When you copy the records that follow, please keep every word exactly as it is and leave out the pictures.
^^^^^^^^^^^^^^^^
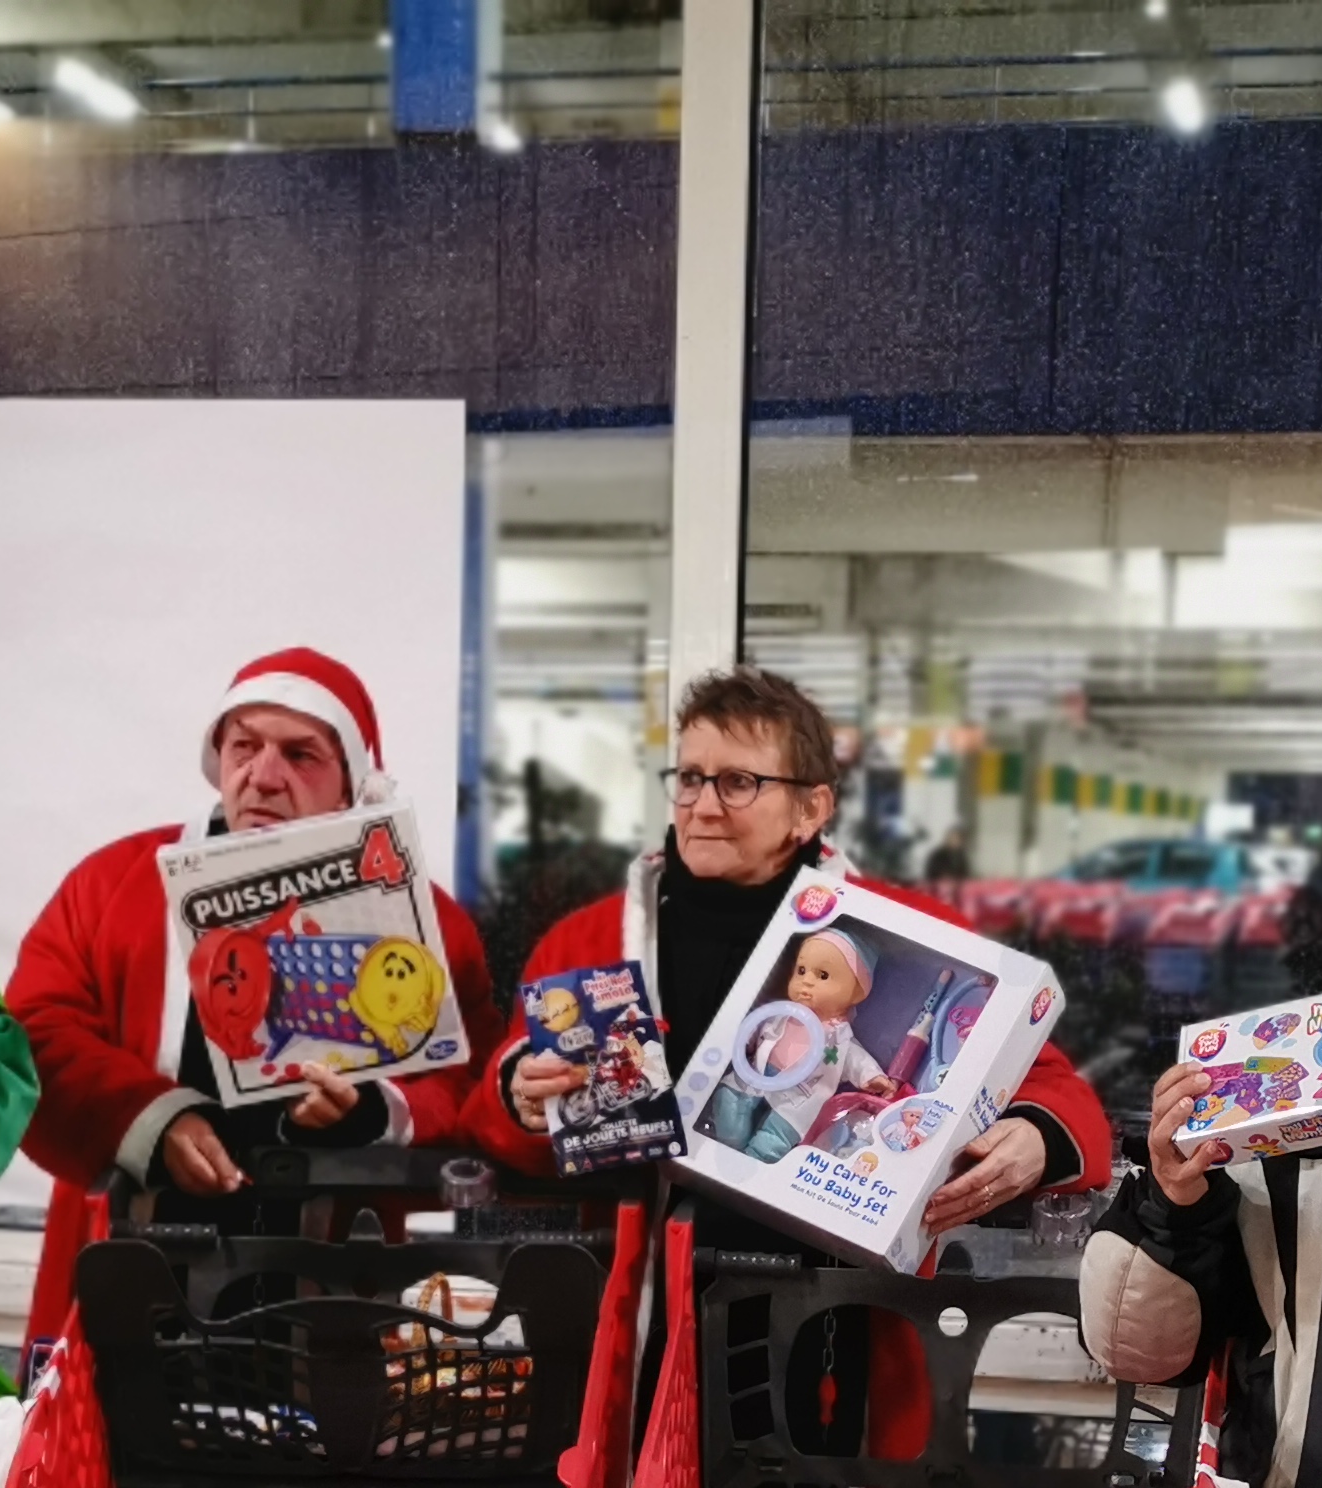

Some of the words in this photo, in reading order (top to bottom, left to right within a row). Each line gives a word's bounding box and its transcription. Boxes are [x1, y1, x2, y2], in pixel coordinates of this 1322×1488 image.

[193, 861, 358, 924] PUISSANCE
[360, 826, 405, 885] 4
[563, 1136, 581, 1149] DE
[582, 1127, 628, 1145] JOUETS
[629, 1121, 668, 1136] NEUFS
[600, 1119, 637, 1131] COLLECTE
[805, 1152, 830, 1173] My
[833, 1164, 868, 1186] Care
[824, 1180, 861, 1207] Baby
[863, 1197, 888, 1217] Set
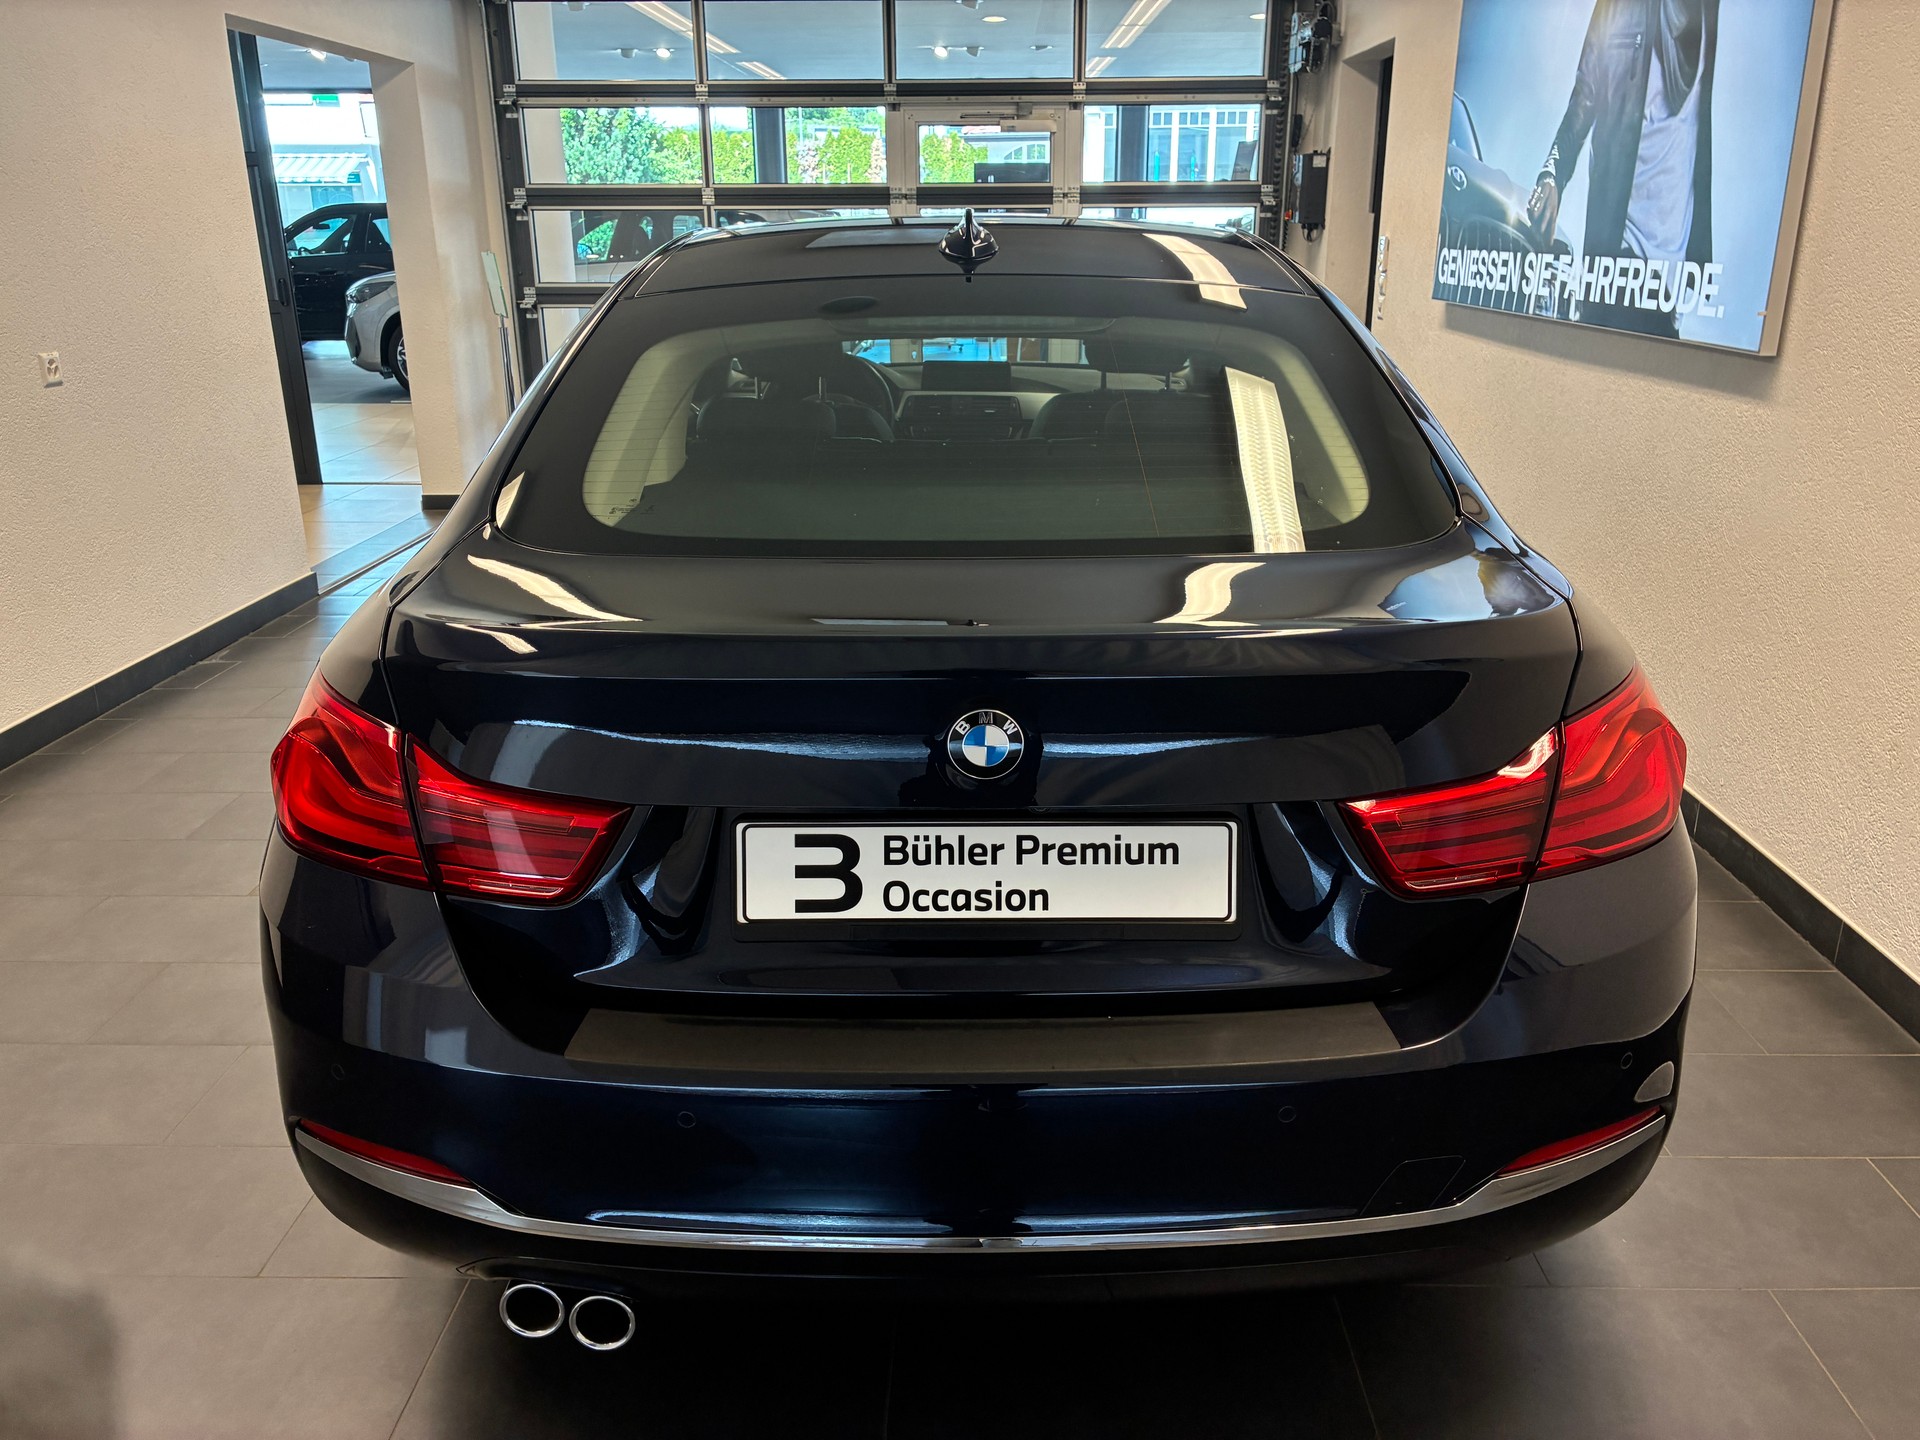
^^^^^^^^^^^^^^^^
Exercise response:
Some of the words in this photo, in reading order (top to bottom, left to right within a row). Each line gives a word's bounding box and its transcription. Boxes are [x1, y1, x2, y2], in pixel coordinates of this 1322×1488 image.

[193, 861, 358, 924] PUISSANCE
[360, 826, 405, 885] 4
[563, 1136, 581, 1149] DE
[582, 1127, 628, 1145] JOUETS
[629, 1121, 668, 1136] NEUFS
[600, 1119, 637, 1131] COLLECTE
[805, 1152, 830, 1173] My
[833, 1164, 868, 1186] Care
[824, 1180, 861, 1207] Baby
[863, 1197, 888, 1217] Set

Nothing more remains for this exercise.